May 26, 2010

A few words before the finale

(Well, I started typing this before the finale, and finished it during the first few commercial breaks.)

The past year has seen a devastating earthquake in Haiti, flooding in Rhode Island and Tennessee, an oil drilling disaster in the Gulf of Mexico, and the most boring season of American Idol in its nine-year history.

How have things come to this pass? I'm not entirely certain, but that's not going to keep me from rambling about my pet theories.

First, a few words on things the Idol producers got right over the years.

In the very first season of Idol, the judges were focused on finding specifically a pop idol, which included somebody who looked like a pop idol. One of the would-be finalists in that season was explicitly cut because -- although she could sing better than most -- she was on the heavier side.

They started backing off this in Season Two. None of that season's top three -- Kimberley Locke, Clay Aiken, Ruben Studdard -- would have been allowed to the semifinals in the first season, based strictly on looks. I think it's to the credit of the producers and judges that they recognized that they'd been focused much too narrowly the first time around, progressively widening the pool of people they'd consider over the years.

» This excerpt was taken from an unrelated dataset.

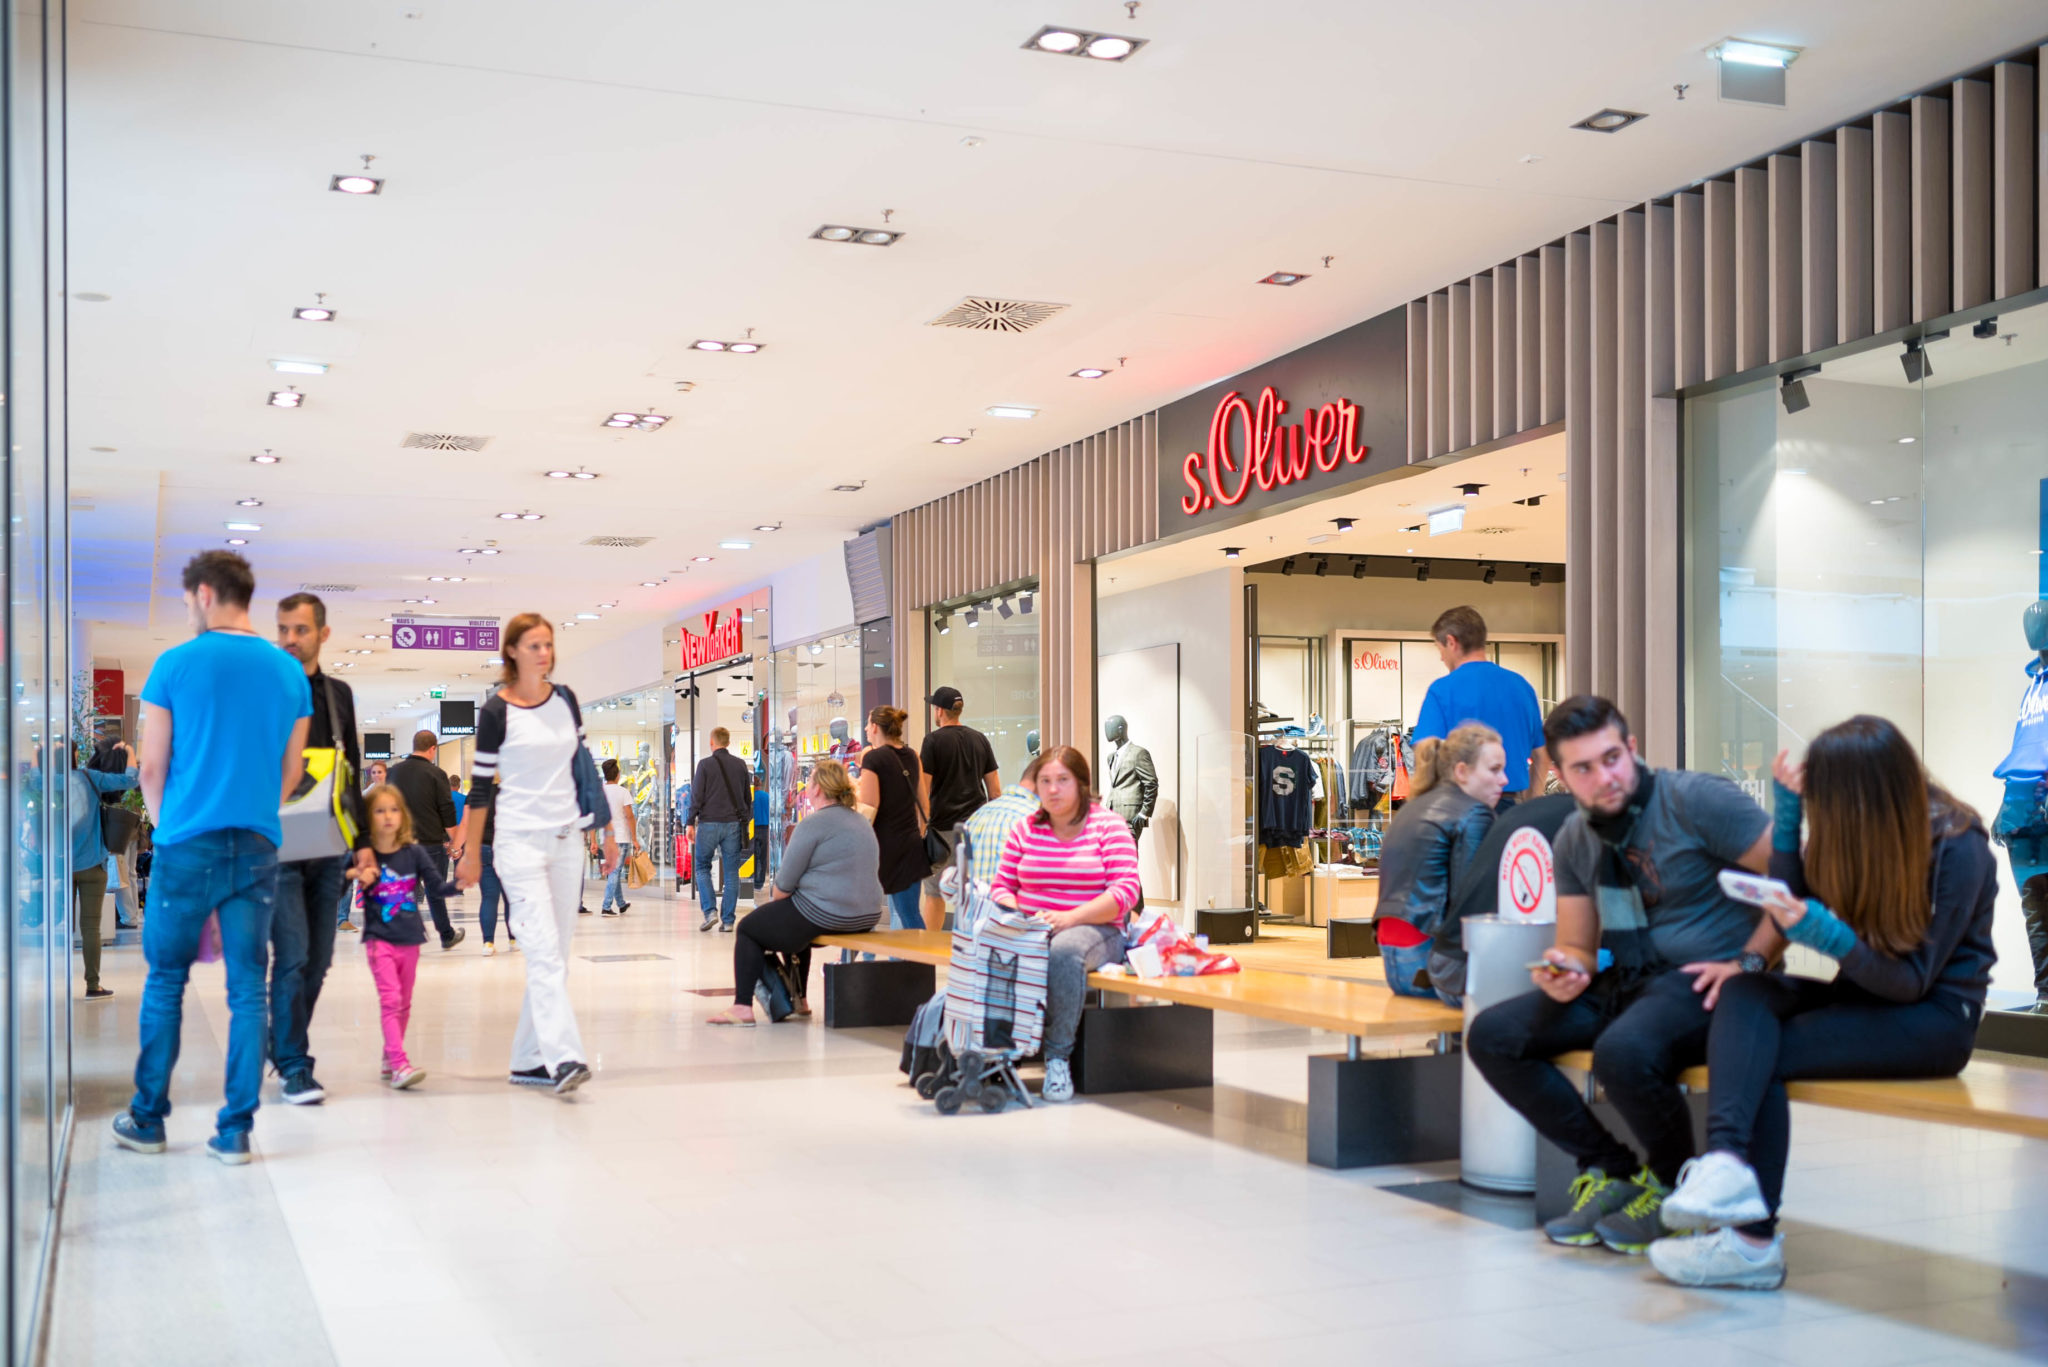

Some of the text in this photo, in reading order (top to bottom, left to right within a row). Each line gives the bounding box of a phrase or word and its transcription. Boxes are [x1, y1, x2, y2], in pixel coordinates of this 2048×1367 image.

They also chose wisely in choosing the initial team of judges. Paula Abdul provided empathy, Simon Cowell provided criticism, and Randy... well, he was the filler in the sandwich, but that's not a bad thing. They formed a sometimes dysfunctional family, but they worked well together for seven seasons.

Ryan Seacrest may have turned out to be the biggest success story of all, and I'm being entirely serious. Ryan is faced with any number of challenges to keep the show running smoothly. If the judges are getting too silly, he has to pull it back to something resembling dignity; if it gets too portentous, he tends to tack to something that reminds us that this is -- at the end of the day -- a glorified talent show. He needs to try to build suspense when there isn't much. He needs to keep the pacing going. He's the ringmaster in a three-ring circus where the acts change every week. Does he get stuff wrong at times? Sure. But on the whole, the measure of his success is that he takes this insanely complex and challenging job and makes it look like any idiot could do it.

So where did they go wrong?

For one thing, they hired Kara.

I don't claim to have an inside line on the producers' thinking, but it looks like Kara was added to the mix partly to shake things up, but perhaps mostly because the American public was picking a distressing number of unmarketable Idols. (Taylor Hicks, anyone?) She's the corporate member of the team. And one problem is that she doesn't even have the sense to hide it. She's the member of the team most likely to talk about whether a given contestant fits into a pigeonhole -- which is a good thing from her standpoint. Predictability, marketability, being easily labeled... these are the virtues in Kara-world. And it completely flies in the face of the show's foundational myth, that America can choose people who wouldn't have made it through the conventional corporate machine.

Worse, she's taken Randy with her. Whether she's awoken the producer side of him, or whether he was afraid for his job last year and decided to step up his game, the upshot is that he's gone from being bland but an okay swing vote to being a secondary member of the Axis of Corporate Evil.

One last note on Kara. Her takeaway lesson from last season's Bikini Girl showdown in the finale was as follows: "It probably saved my job... It was a defining moment. Like, 'She's serious and industry, but also as kooky as everyone else on this panel.'" This explains a lot about her attempts to channel Paula this season.

Next factor: they lost Paula. It's hard to overstate this one; she's been missed terribly all season long. There's nobody left on the panel providing empathy. Ellen's just there to provide one-liners; Kara doesn't actually have a soul. Nobody's there to counterbalance Simon, and Simon's actually had to be nicer as a result, making him less effective as well.

Ellen... I can't get too worked up about her, except insofar as she represents a missed opportunity. She brings nothing to the table, but she's not actively hurting the show.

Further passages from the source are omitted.